_DIRECTIONS_. All records below are to be repeated exactly, with the pictures left out.

_RECORD EXCERPTS_.
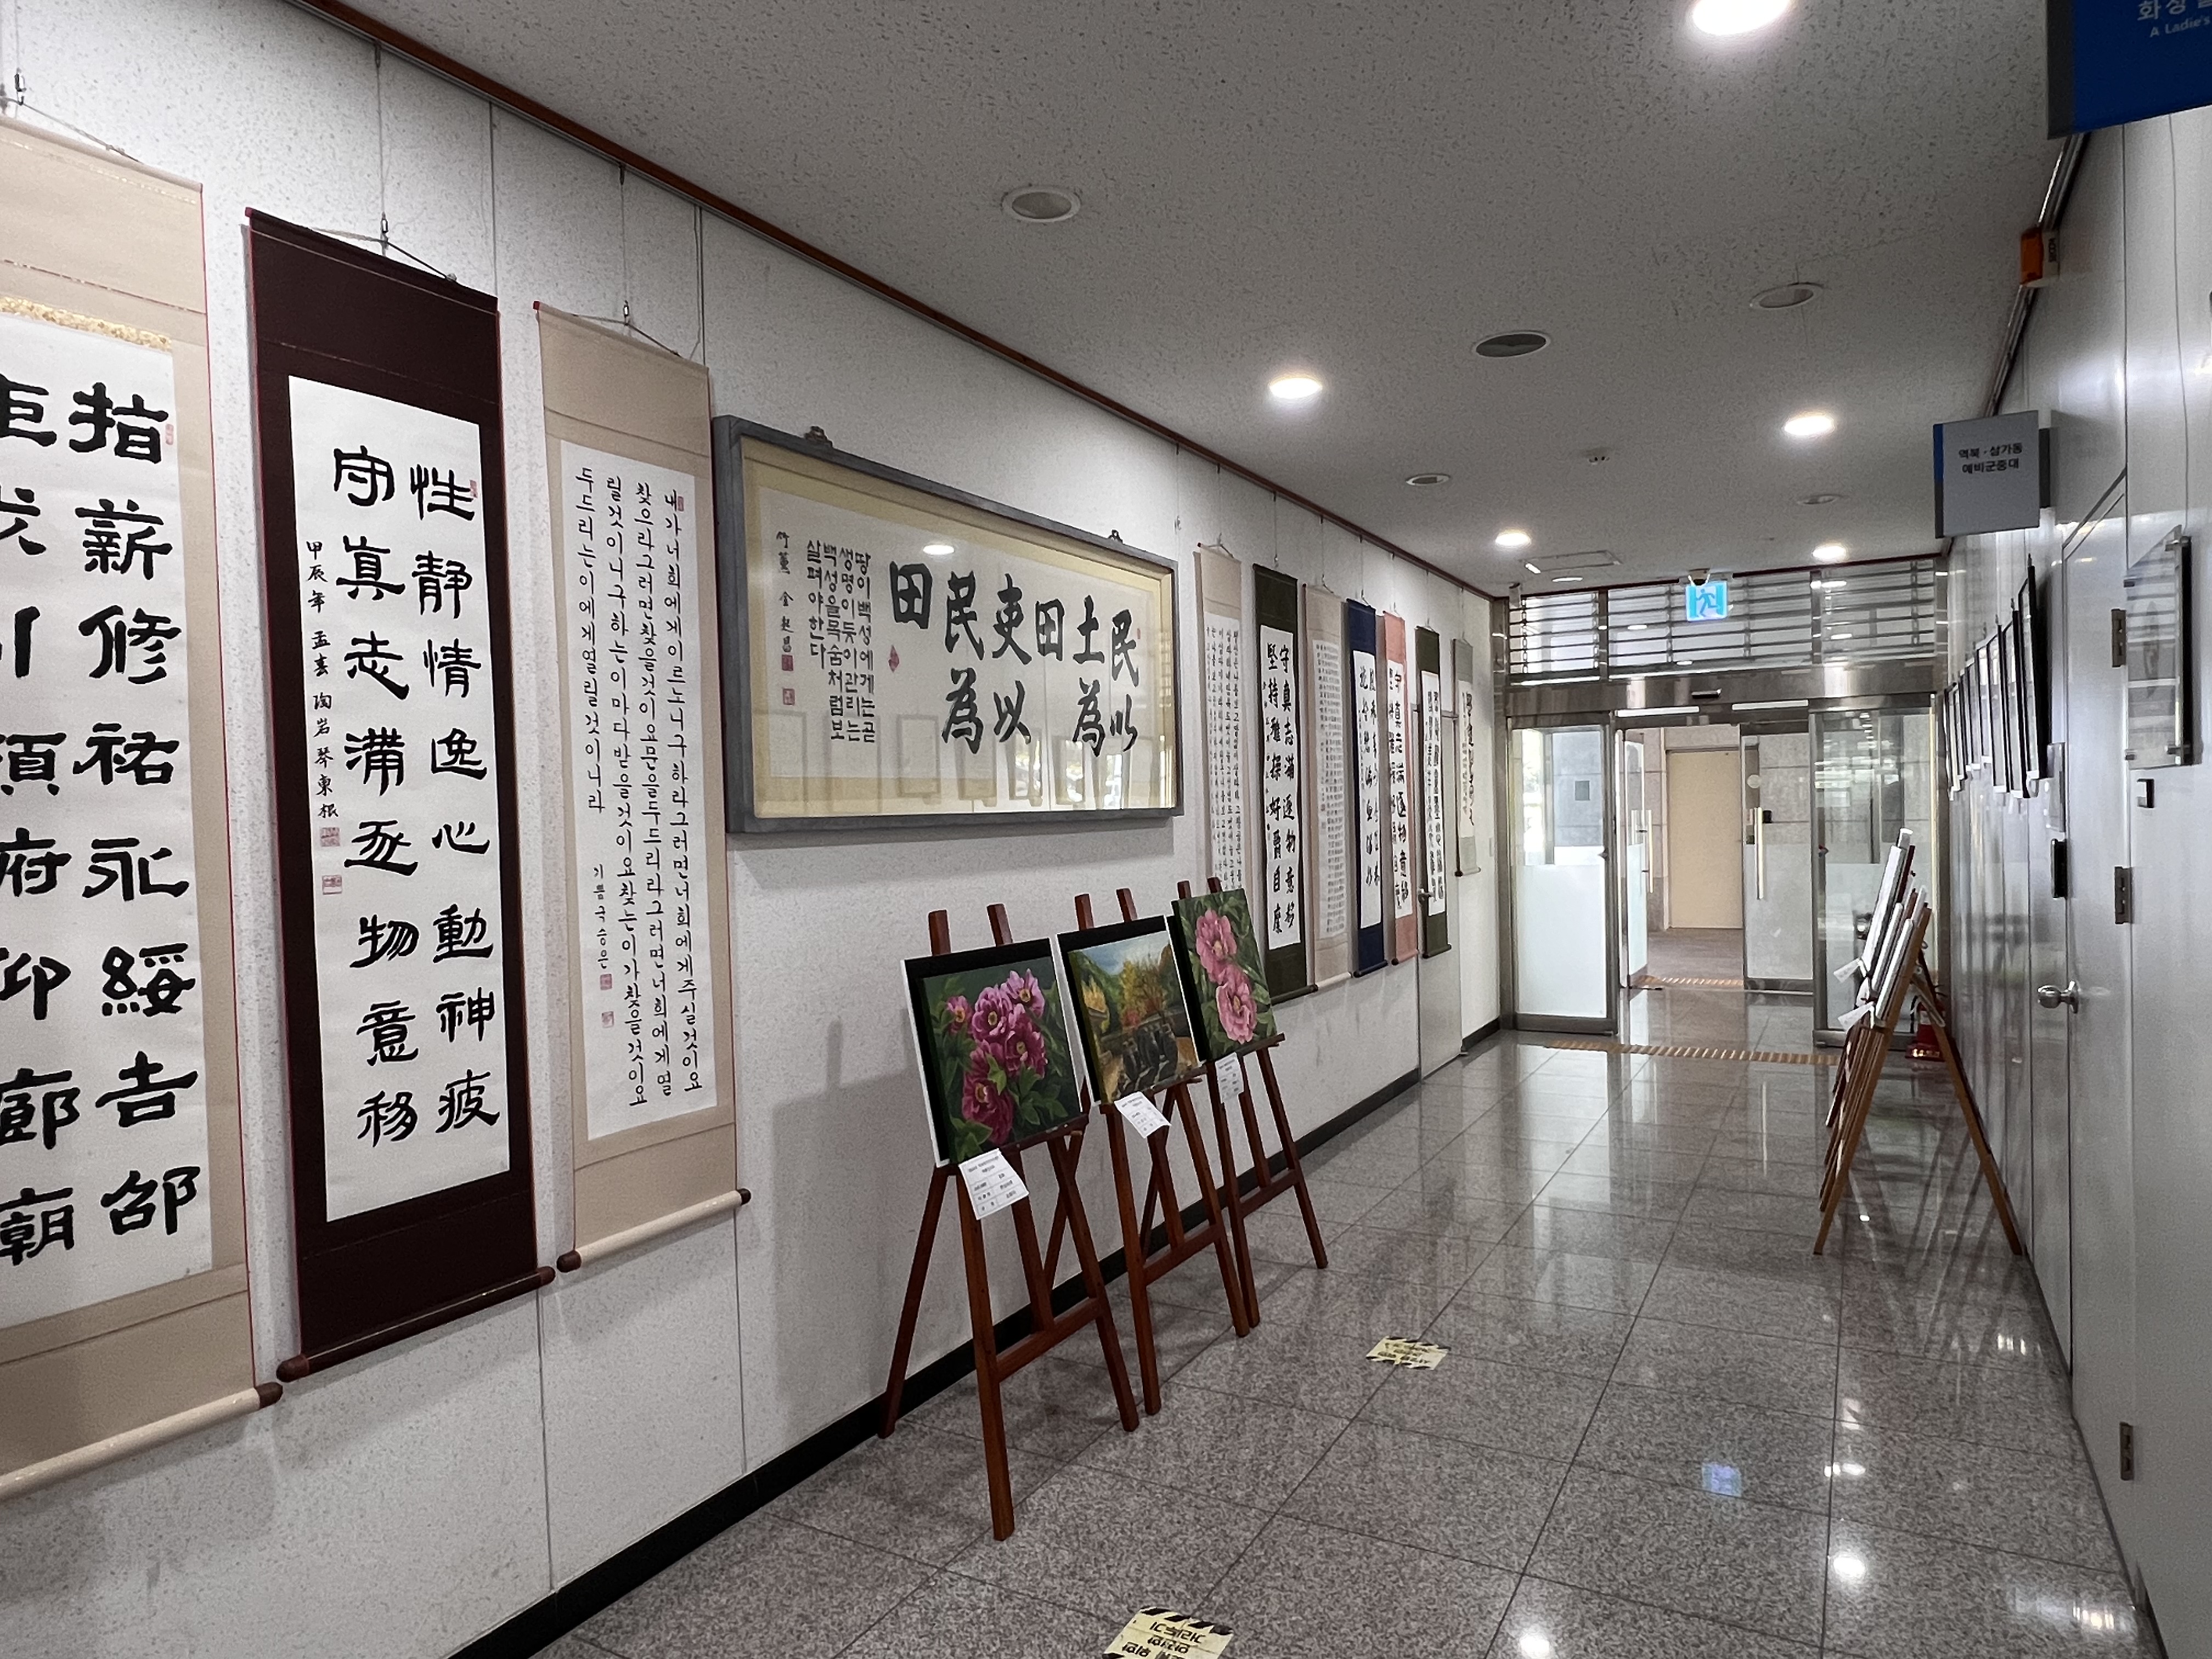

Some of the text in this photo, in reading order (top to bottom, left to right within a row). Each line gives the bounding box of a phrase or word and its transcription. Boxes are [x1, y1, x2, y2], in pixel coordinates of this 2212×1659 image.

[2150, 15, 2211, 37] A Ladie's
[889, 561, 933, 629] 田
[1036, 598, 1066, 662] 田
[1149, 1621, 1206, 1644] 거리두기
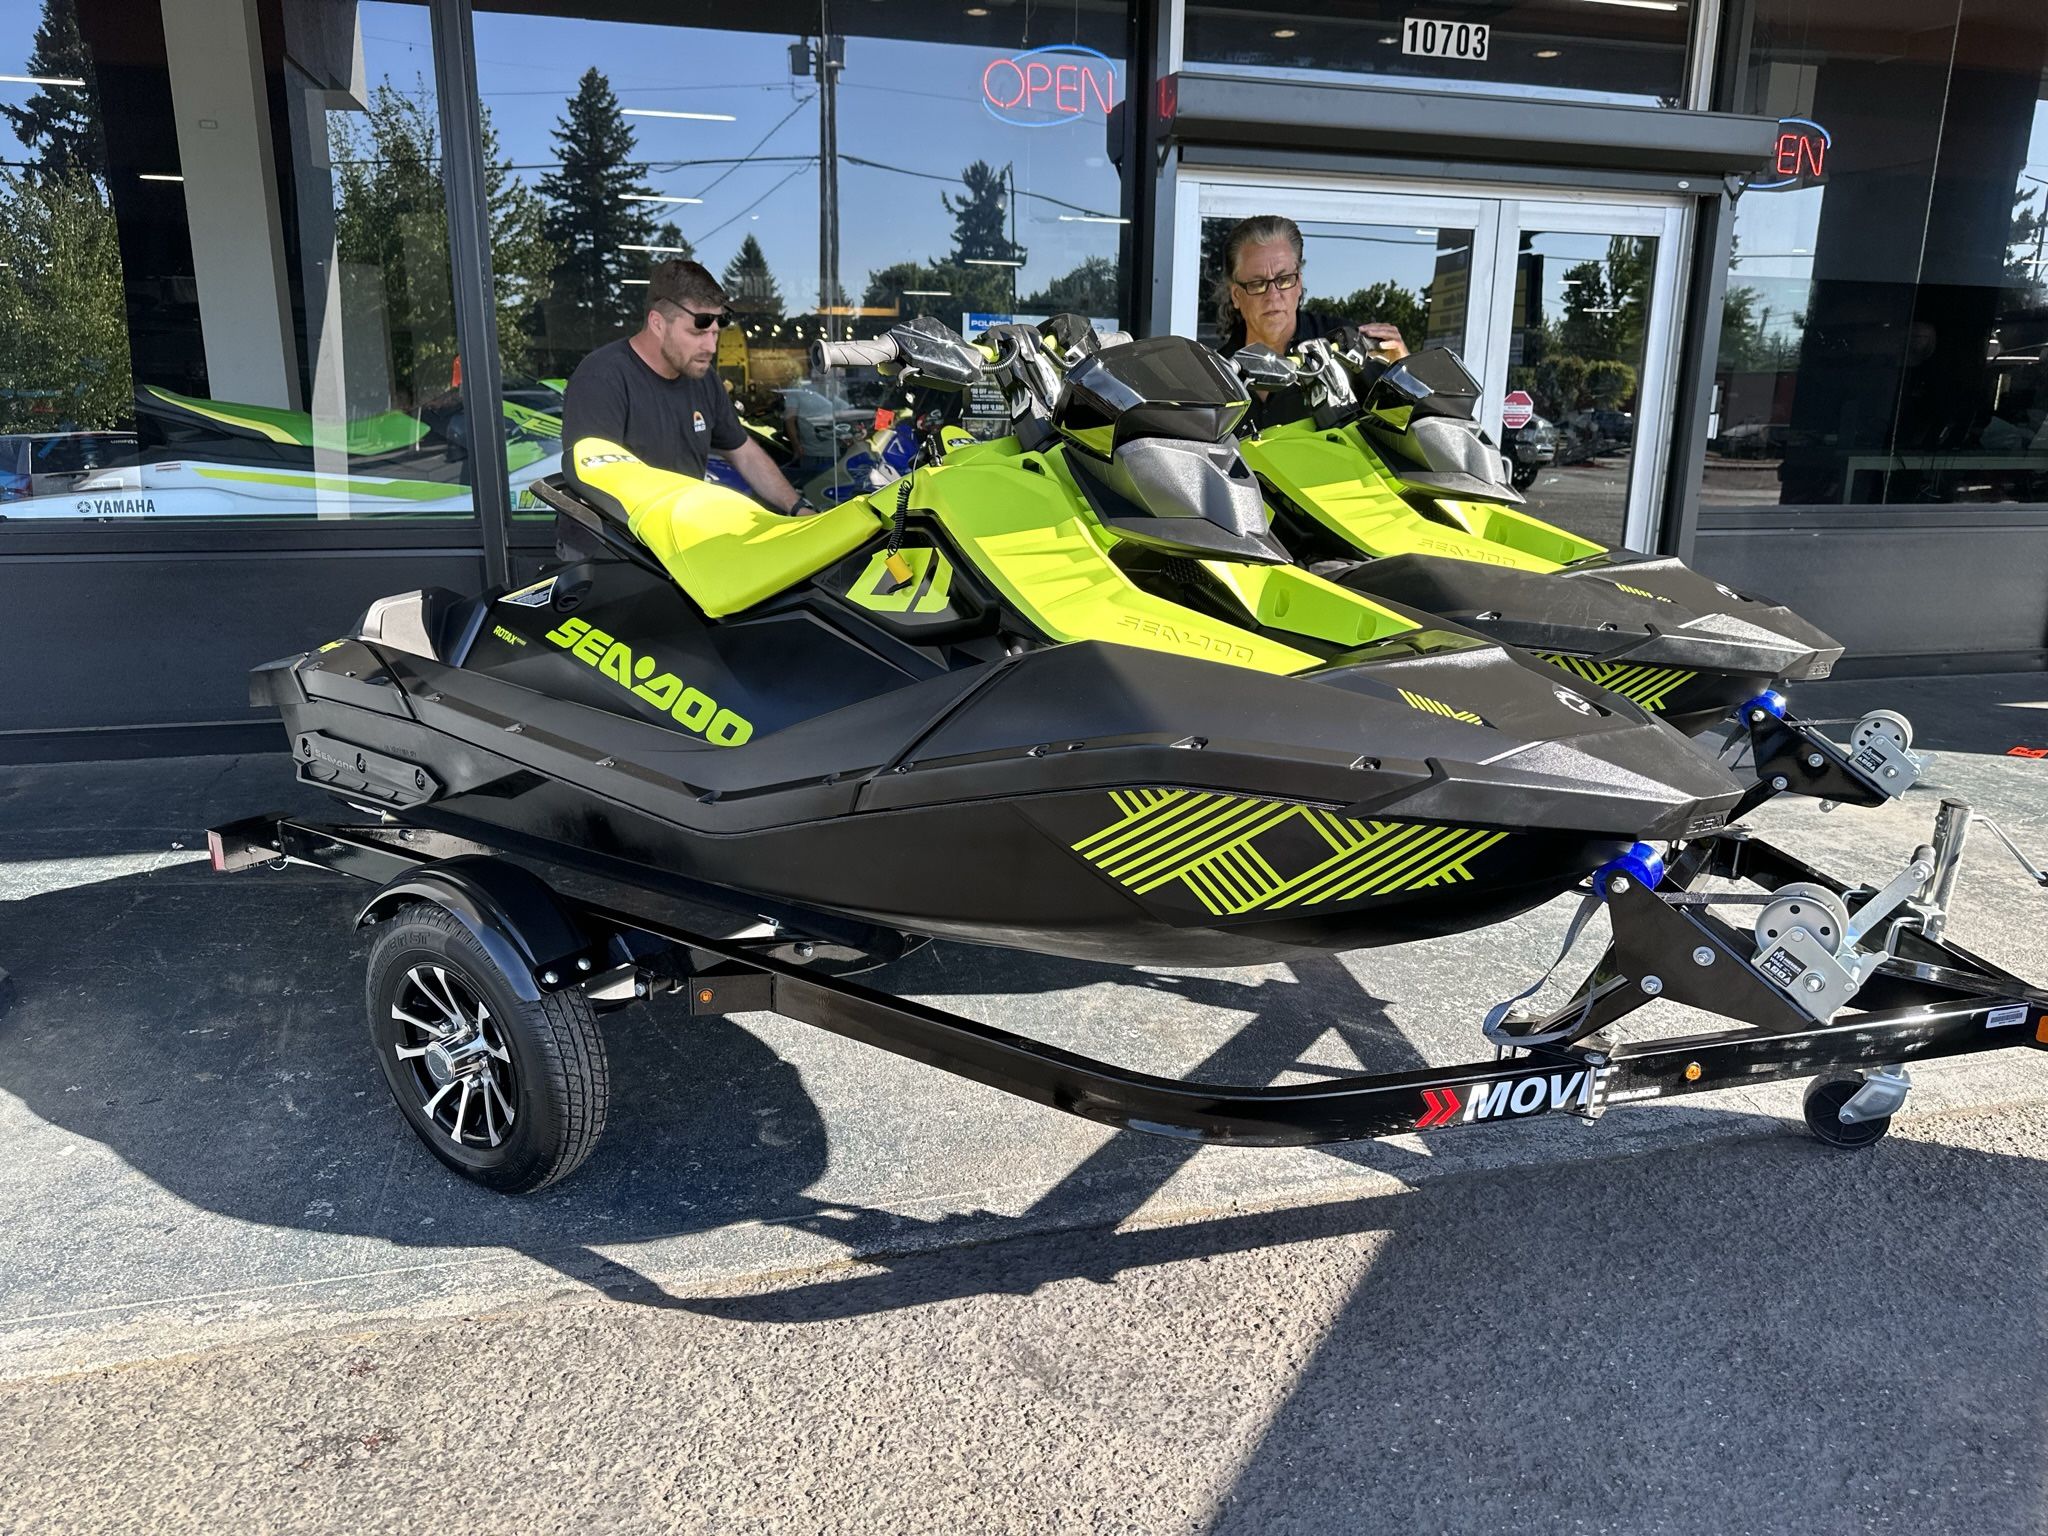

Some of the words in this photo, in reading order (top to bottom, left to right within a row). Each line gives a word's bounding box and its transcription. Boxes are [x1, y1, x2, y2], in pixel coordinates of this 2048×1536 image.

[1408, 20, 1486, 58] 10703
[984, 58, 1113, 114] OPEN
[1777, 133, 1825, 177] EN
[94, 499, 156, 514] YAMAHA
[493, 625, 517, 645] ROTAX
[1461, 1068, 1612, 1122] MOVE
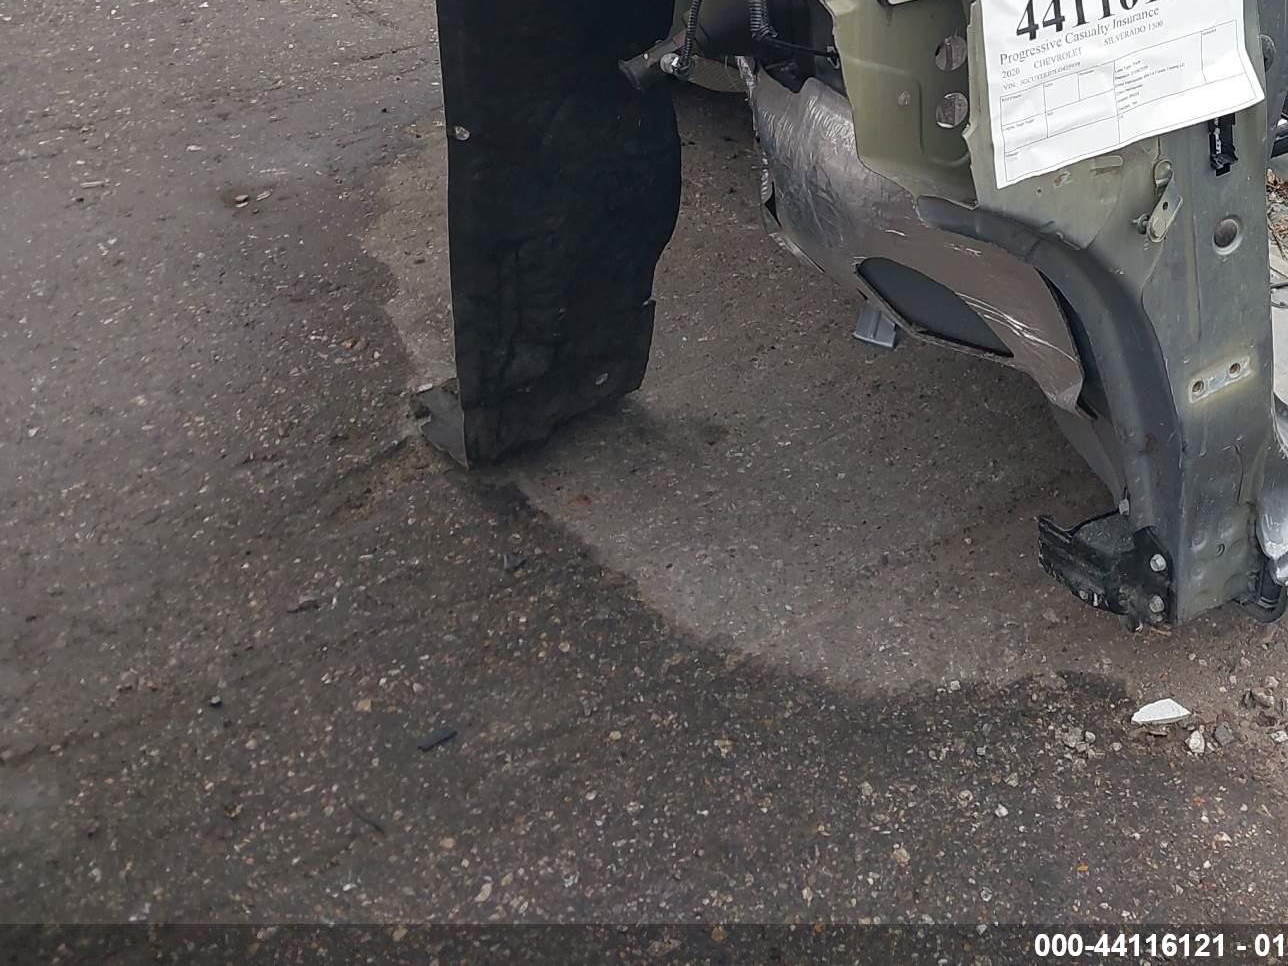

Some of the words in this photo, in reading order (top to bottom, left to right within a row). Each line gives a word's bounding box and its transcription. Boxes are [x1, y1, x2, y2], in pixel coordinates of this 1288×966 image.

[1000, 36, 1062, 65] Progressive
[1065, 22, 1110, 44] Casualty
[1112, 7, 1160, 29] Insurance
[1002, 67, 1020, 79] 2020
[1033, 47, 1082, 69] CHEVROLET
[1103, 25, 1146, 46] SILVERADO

_WRITTEN ANSWER_.
Some of the text in this photo, in reading order (top to bottom, left to right within a row). Each line gives the bounding box of a phrase or word and its transcription. Boxes are [x1, y1, x2, y2], in pixel coordinates of this 2212×1659 image.

[2150, 15, 2211, 37] A Ladie's
[889, 561, 933, 629] 田
[1036, 598, 1066, 662] 田
[1149, 1621, 1206, 1644] 거리두기

Some of the words in this photo, in reading order (top to bottom, left to right within a row). Each line gives a word's bounding box and its transcription. Boxes are [x1, y1, x2, y2], in pixel coordinates of this 2048×1536 image.

[1408, 20, 1486, 58] 10703
[984, 58, 1113, 114] OPEN
[1777, 133, 1825, 177] EN
[94, 499, 156, 514] YAMAHA
[493, 625, 517, 645] ROTAX
[1461, 1068, 1612, 1122] MOVE

Some of the words in this photo, in reading order (top to bottom, left to right within a row). Each line gives a word's bounding box and its transcription. Boxes are [x1, y1, x2, y2], in pixel coordinates of this 1288×966 image.

[1000, 36, 1062, 65] Progressive
[1065, 22, 1110, 44] Casualty
[1112, 7, 1160, 29] Insurance
[1002, 67, 1020, 79] 2020
[1033, 47, 1082, 69] CHEVROLET
[1103, 25, 1146, 46] SILVERADO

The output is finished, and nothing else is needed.